Con la copertura della “rivoluzione libica” i cazzari dei media e le masse loro succubi hanno battuto ogni record olimpionico, rispettivamente, di cialtroneria e credulità. Sono stati sbandierati – e si continuano a sbandierare – attacchi aerei dell’aviazione libica contro le folle di Tripoli. Solo che, se si spegne il “commento degli inviati” e si ascoltano le testimonianze locali, nessuno ha mai visto questi attacchi e nemmeno le folle. L’unica cosa vista a Tripoli paragonabile a una folla in rivolta è il gruppetto di persone radunato in piazza dallo stesso Gheddafi durante il suo discorso pubblico, tenuto quando da giorni i pagliacci dei media nostrani lo dicevano “asserragliato in un bunker sotterraneo” o in fuga verso Caracas, se non addirittura defunto. La loro totale mancanza di senso del pudore si fa forte della terminale decerebrazione del pubblico teleutente, reso creta nelle loro mani (lo chiameremo “pubblico di cretini”) ed ormai vittima di deprivazione del senso della realtà. E’ questa deprivazione che consente agli untori di fesserie di farla franca. Un pubblico non totalmente rimbecillito ricorderebbe ancora cosa sia, in concreto, un bombardamento dell’aviazione contro una città e capirebbe che è difficile non notarlo o non averne testimonianze filmate. Anche noi italiani abbiamo sperimentato l’emozione dei bombardamenti a tappeto, all’epoca in cui la “democrazia” venne allegramente portata anche a noi dai suoi solerti rappresentanti di zona, per cui dovremmo ricordarne gli effetti, almeno a grandi linee. Sfortunatamente, a difenderci contro i paladini dei “diritti umani” non c’era allora nessun Gheddafi e ormai nemmeno più un Mussolini.

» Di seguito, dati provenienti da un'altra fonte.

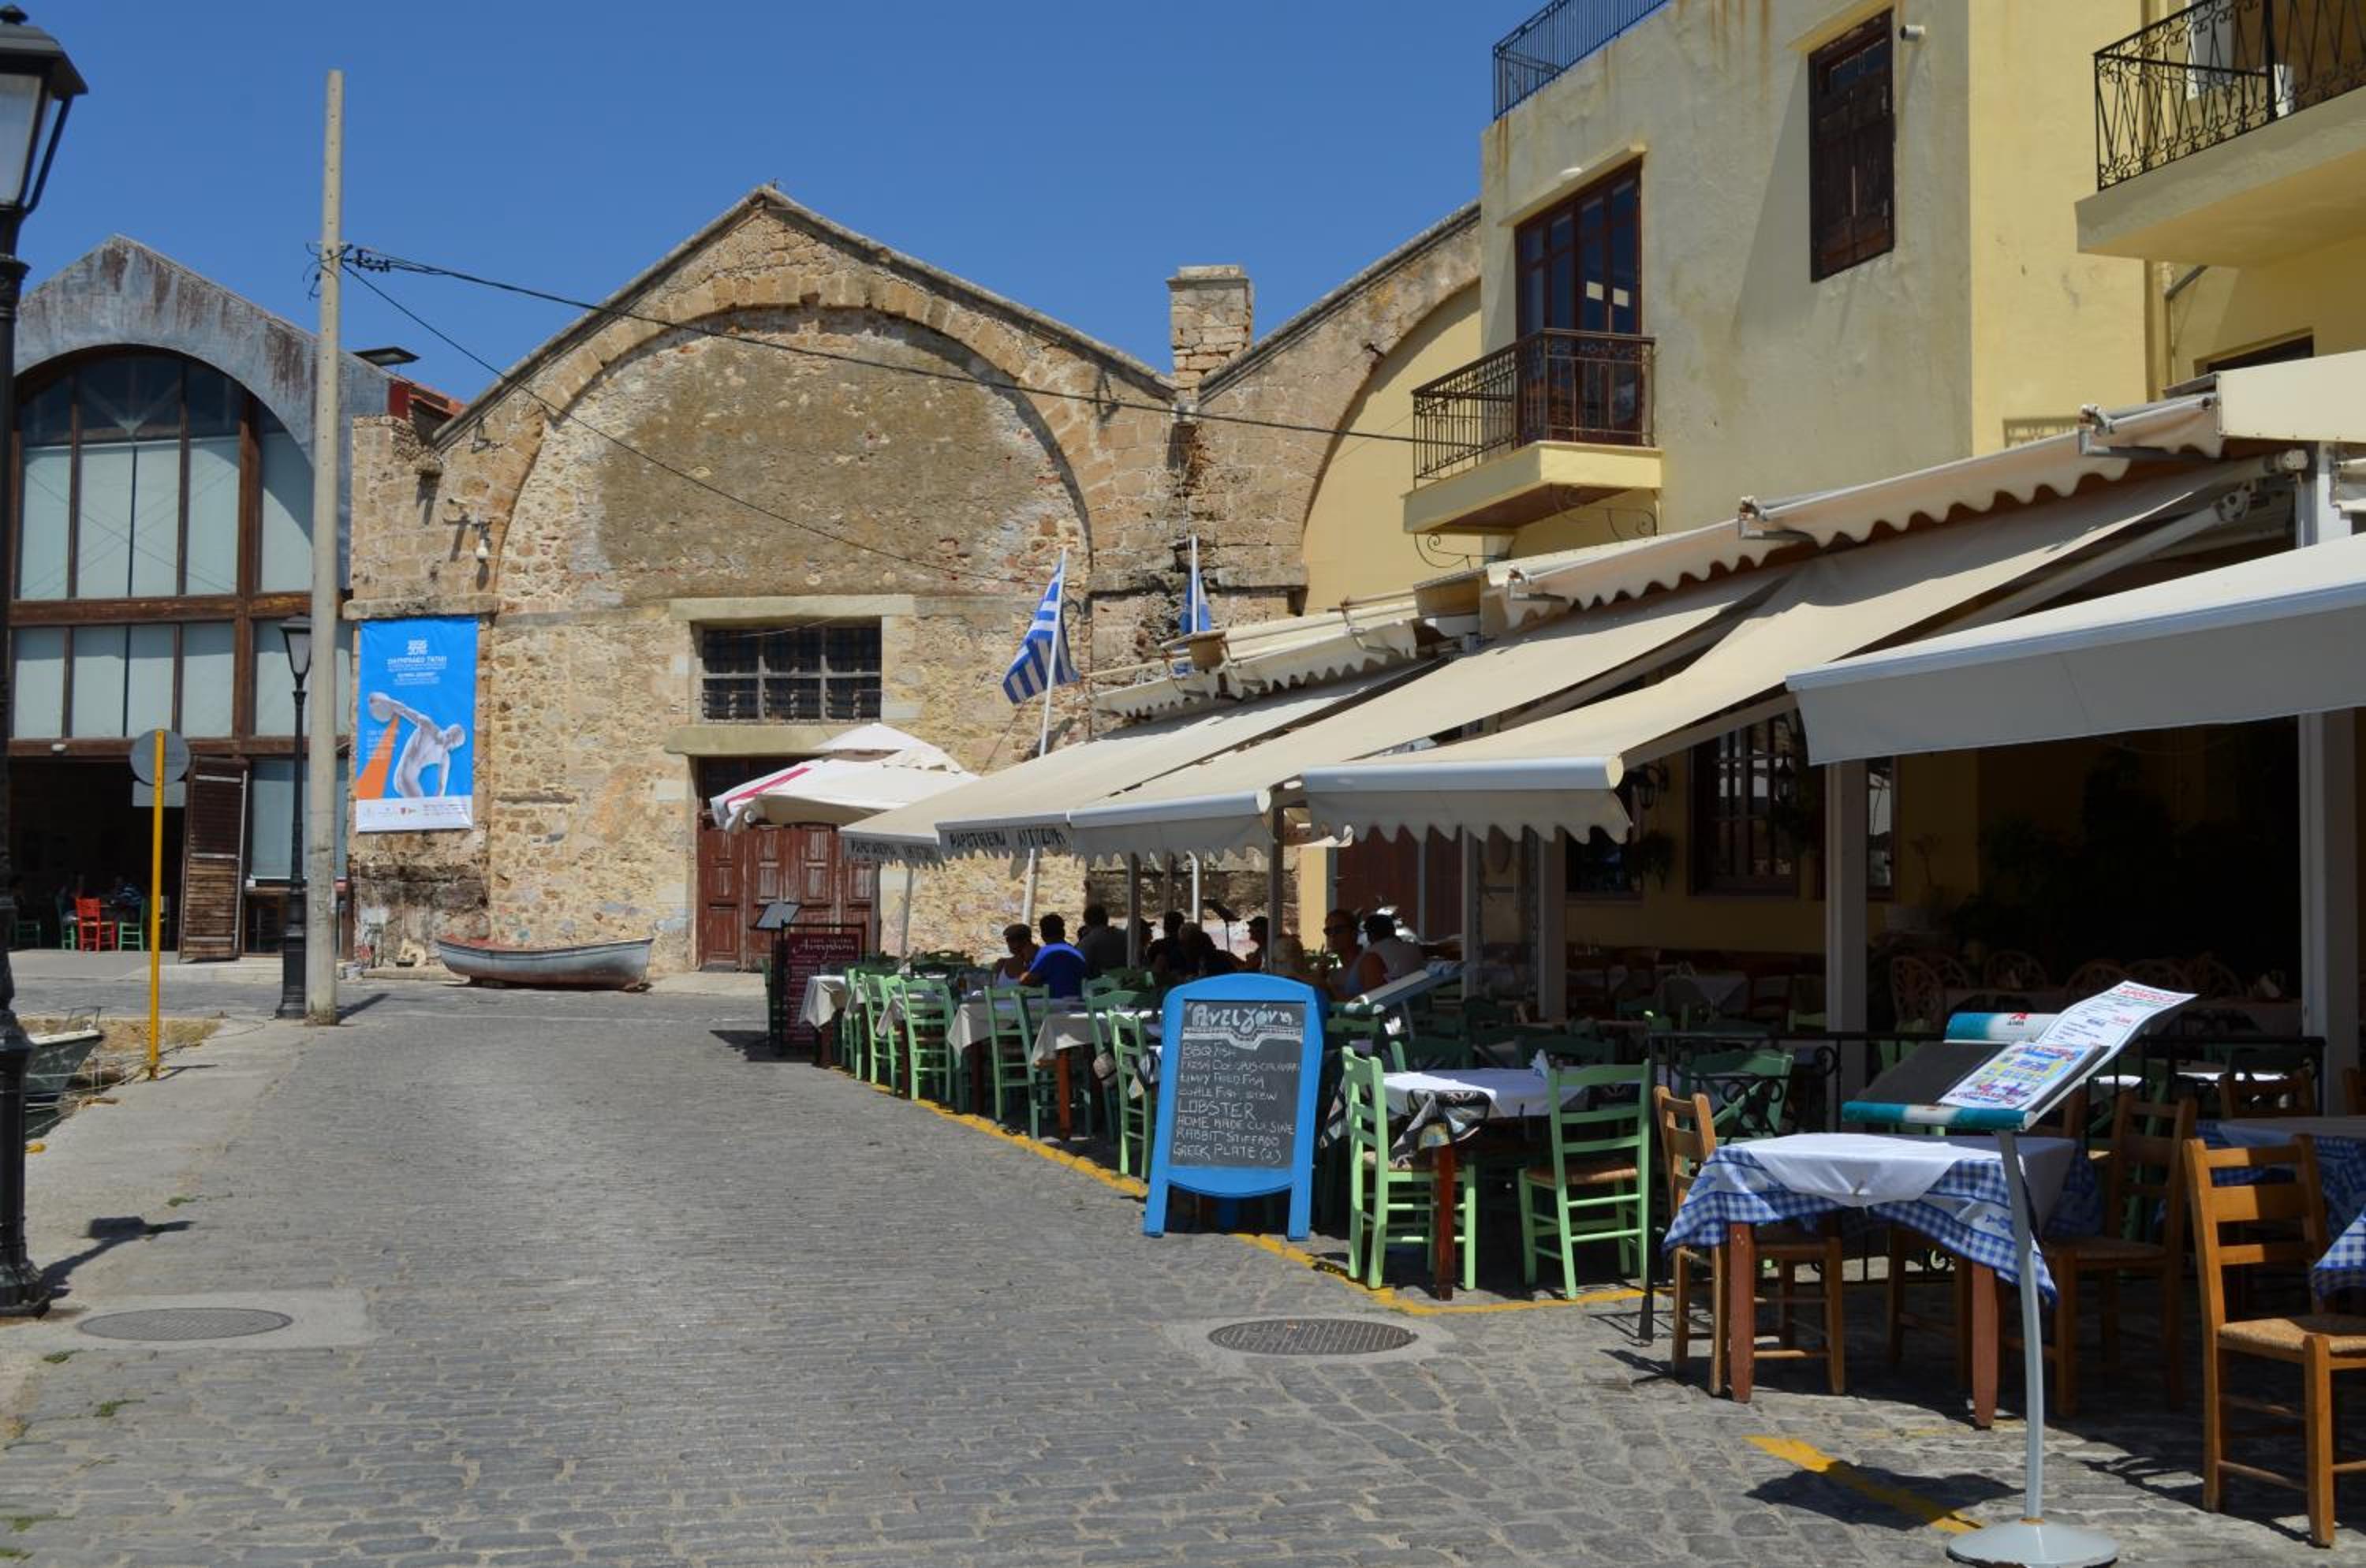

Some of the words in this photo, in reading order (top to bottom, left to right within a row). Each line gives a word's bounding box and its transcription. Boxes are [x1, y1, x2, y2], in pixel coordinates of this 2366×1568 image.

[1178, 1097, 1256, 1121] LOBSTER
[1177, 1114, 1211, 1129] HOME
[1214, 1118, 1244, 1130] MADE
[1176, 1126, 1224, 1141] RABBIT
[1173, 1141, 1212, 1161] GREEK
[1214, 1143, 1256, 1159] PLATE

Il punto più alto dell’idiozia disinformativa si è raggiunto con le immagini delle “fosse comuni” di Tripoli, rivelatesi essere più “comuni” di quanto si credesse: erano infatti normalissime fosse di sepoltura scavate nel cimitero di Tripoli in un’occasione che con gli eventi degli ultimi giorni nulla aveva a che fare. Naturalmente nessun direttore o caporedattore si è scusato con i propri utenti per averli presi ancora una volta per il culo. E che dire delle immagini di masse tumultuanti, girate in Bahrein e nello Yemen e spacciate per “rivolte in Libia”? Per non parlare delle immagini degli scalmanati che buttano giù da un palazzo il simulacro del “libro verde”, immagini il cui dozzinale simbolismo ricorderà agli studiosi dei meccanismi di propaganda le analoghe riprese dell’abbattimento della statua di Saddam in Iraq, anch’esse accuratamente orchestrate dalla giostra dei media ad uso e consumo dei teleovini occidentali.

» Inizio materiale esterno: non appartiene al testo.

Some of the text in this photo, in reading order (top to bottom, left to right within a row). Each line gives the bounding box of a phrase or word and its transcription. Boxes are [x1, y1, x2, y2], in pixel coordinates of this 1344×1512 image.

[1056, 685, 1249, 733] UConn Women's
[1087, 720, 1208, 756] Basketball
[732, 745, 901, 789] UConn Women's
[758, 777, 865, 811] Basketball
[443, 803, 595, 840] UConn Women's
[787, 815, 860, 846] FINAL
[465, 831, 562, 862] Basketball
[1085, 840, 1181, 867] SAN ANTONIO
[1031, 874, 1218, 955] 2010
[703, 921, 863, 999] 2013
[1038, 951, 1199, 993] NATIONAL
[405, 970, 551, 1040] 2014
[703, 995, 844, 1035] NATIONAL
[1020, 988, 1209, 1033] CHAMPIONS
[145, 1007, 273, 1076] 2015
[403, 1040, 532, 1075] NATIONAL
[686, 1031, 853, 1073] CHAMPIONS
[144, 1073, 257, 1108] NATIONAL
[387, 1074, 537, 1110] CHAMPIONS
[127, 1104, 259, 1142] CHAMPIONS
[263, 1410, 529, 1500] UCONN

Per giorni si è parlato di “manifestanti in marcia verso Tripoli”. L’utente non diversamente encefalico si chiedeva allibito come mai l’esercito libico, fosse pure ridotto a non più di un paio di carri armati, non si decidesse a schiacciare una volta per tutte sotto i cingoli questa massa di popolastro vociante. Passavano i giorni e niente succedeva. I carri armati restavano fermi. Il popolastro marciava, e marciava, e marciava. Deve aver marciato fino allo sfinimento, tanto che Tripoli non è mai stata raggiunta. Forse i “manifestanti” si sono persi nel deserto, che com’è noto separa tra loro i principali centri abitati, non essendo la geografia libica esattamente paragonabile a quella dell’hinterland milanese. O forse, sfiniti dalla marcia, si sono fermati a rifocillarsi nel McDonald’s dell’oasi più vicina. Fatto sta che all’improvviso gli eroici maratoneti della rivolta si sono dissolti nell’aria sottile, gloriosamente assunti nel Walhalla delle puttanate senza ritegno, al fianco di Neda e del rifugio sotterraneo di Osama a Tora Bora.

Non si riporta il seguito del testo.